Annotated photo localization data:
----
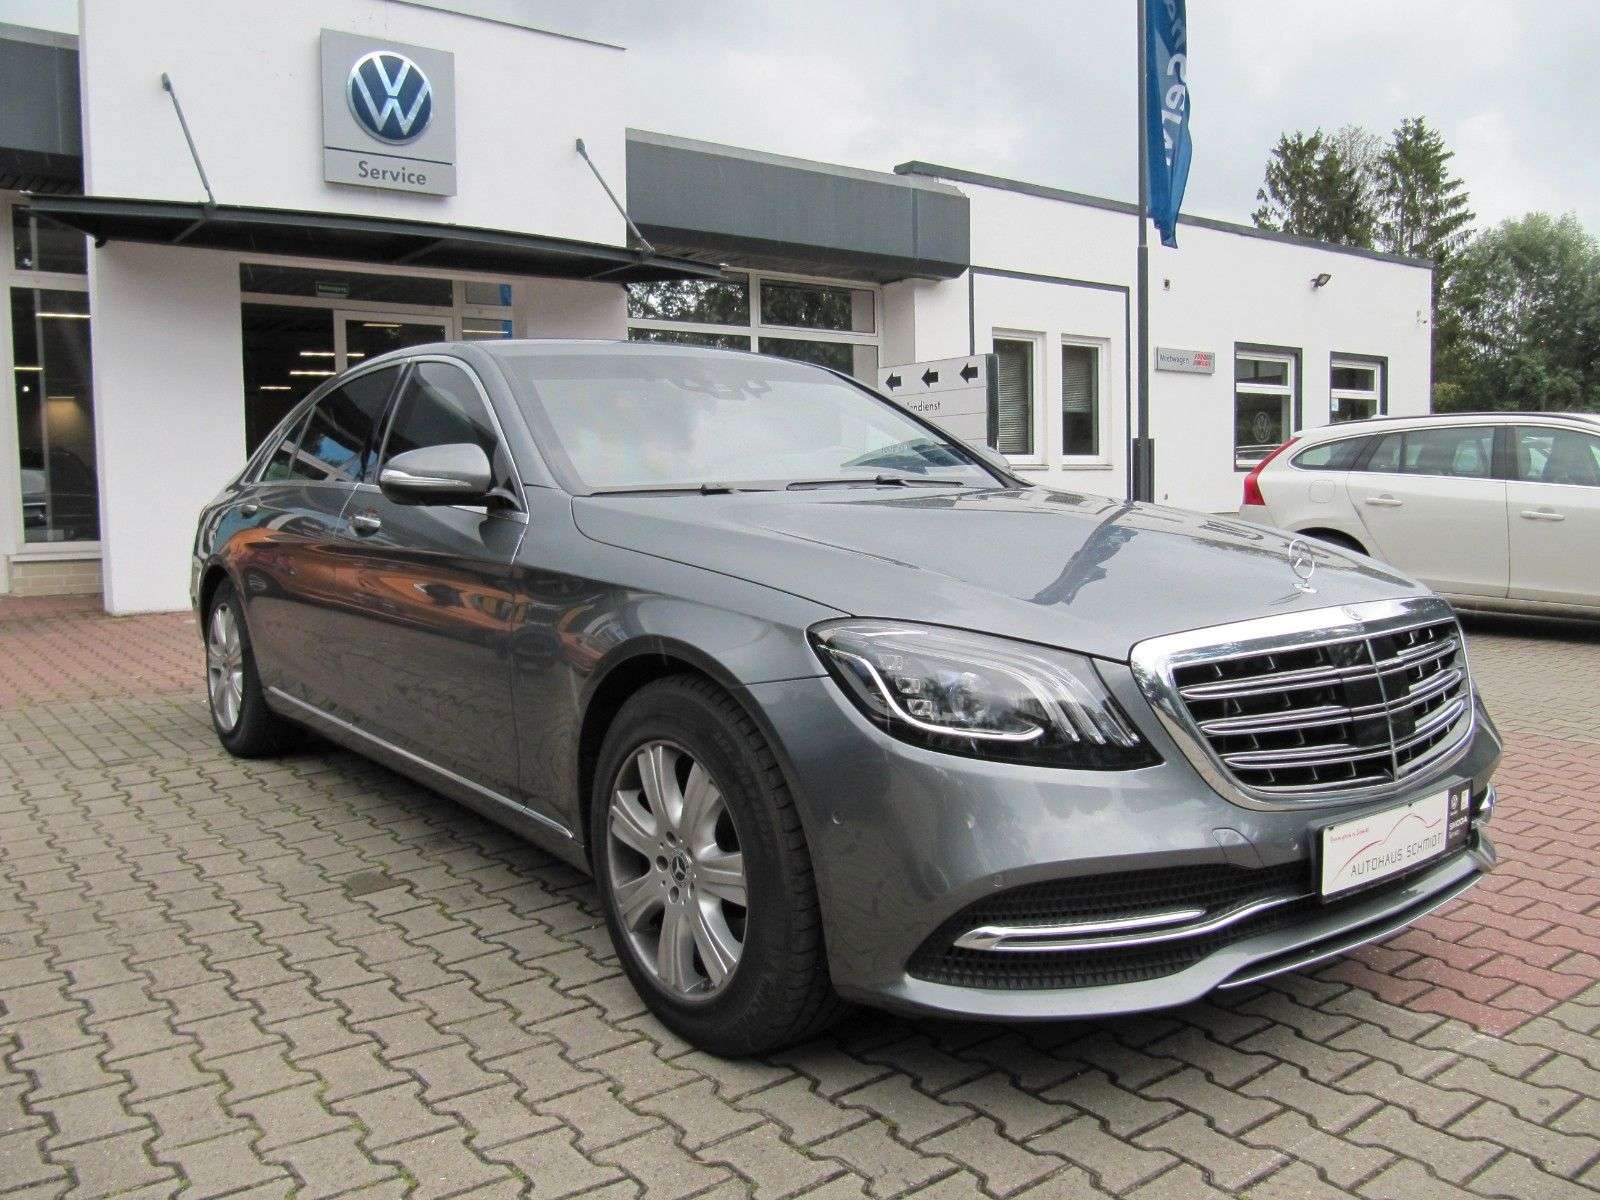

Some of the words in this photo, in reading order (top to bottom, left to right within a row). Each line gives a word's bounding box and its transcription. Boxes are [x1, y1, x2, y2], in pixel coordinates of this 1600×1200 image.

[349, 51, 431, 141] VW
[358, 160, 427, 186] Service
[908, 400, 941, 412] ndienst
[1351, 849, 1403, 877] AUTOHAUS
[1406, 833, 1442, 858] SCHMIDT
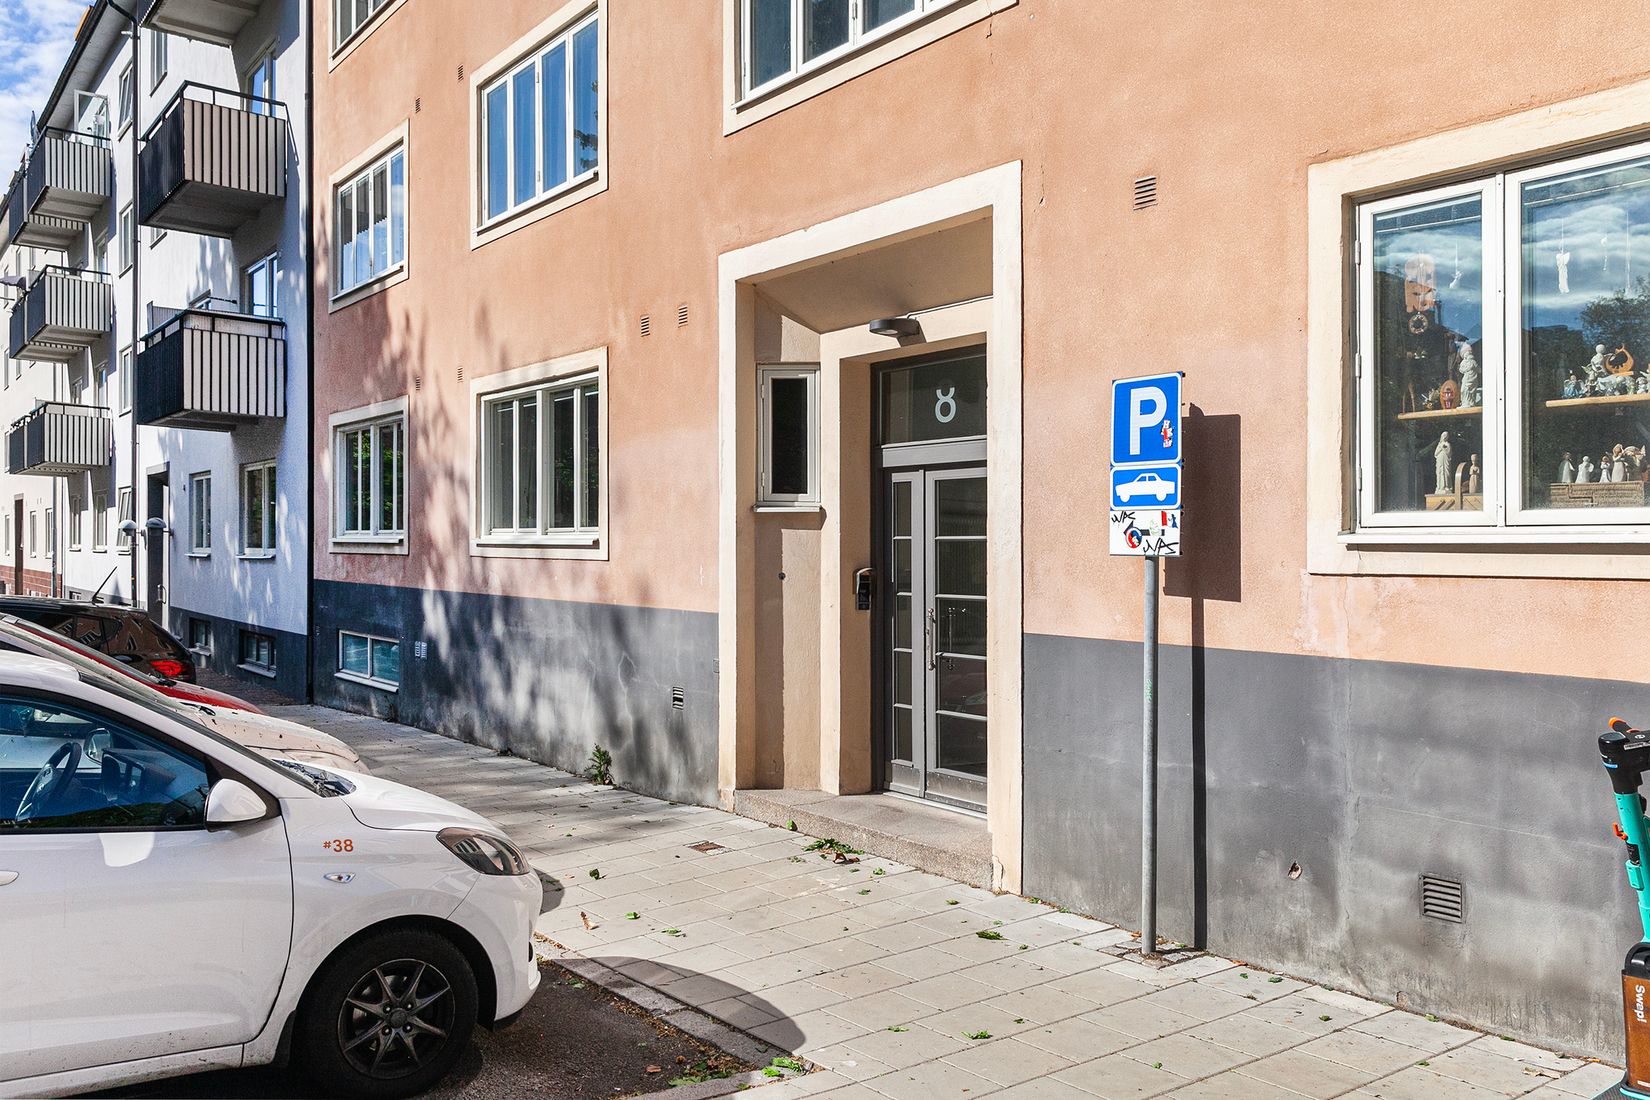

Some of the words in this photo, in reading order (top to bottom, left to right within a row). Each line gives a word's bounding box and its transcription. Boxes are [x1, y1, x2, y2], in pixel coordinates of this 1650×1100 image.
----
All of the lines above must be printed again exactly, and no picture may appear in the copy.

SOLUTION BELOW:
Some of the words in this photo, in reading order (top to bottom, left to right within a row). Each line gives a word's bounding box and its transcription. Boxes are [x1, y1, x2, y2], in pixel coordinates of this 1600×1200 image.

[349, 51, 431, 141] VW
[358, 160, 427, 186] Service
[908, 400, 941, 412] ndienst
[1351, 849, 1403, 877] AUTOHAUS
[1406, 833, 1442, 858] SCHMIDT

Some of the words in this photo, in reading order (top to bottom, left to right within a row). Each line gives a word's bounding box and its transcription. Boxes are [x1, y1, x2, y2], in pixel coordinates of this 1650×1100 image.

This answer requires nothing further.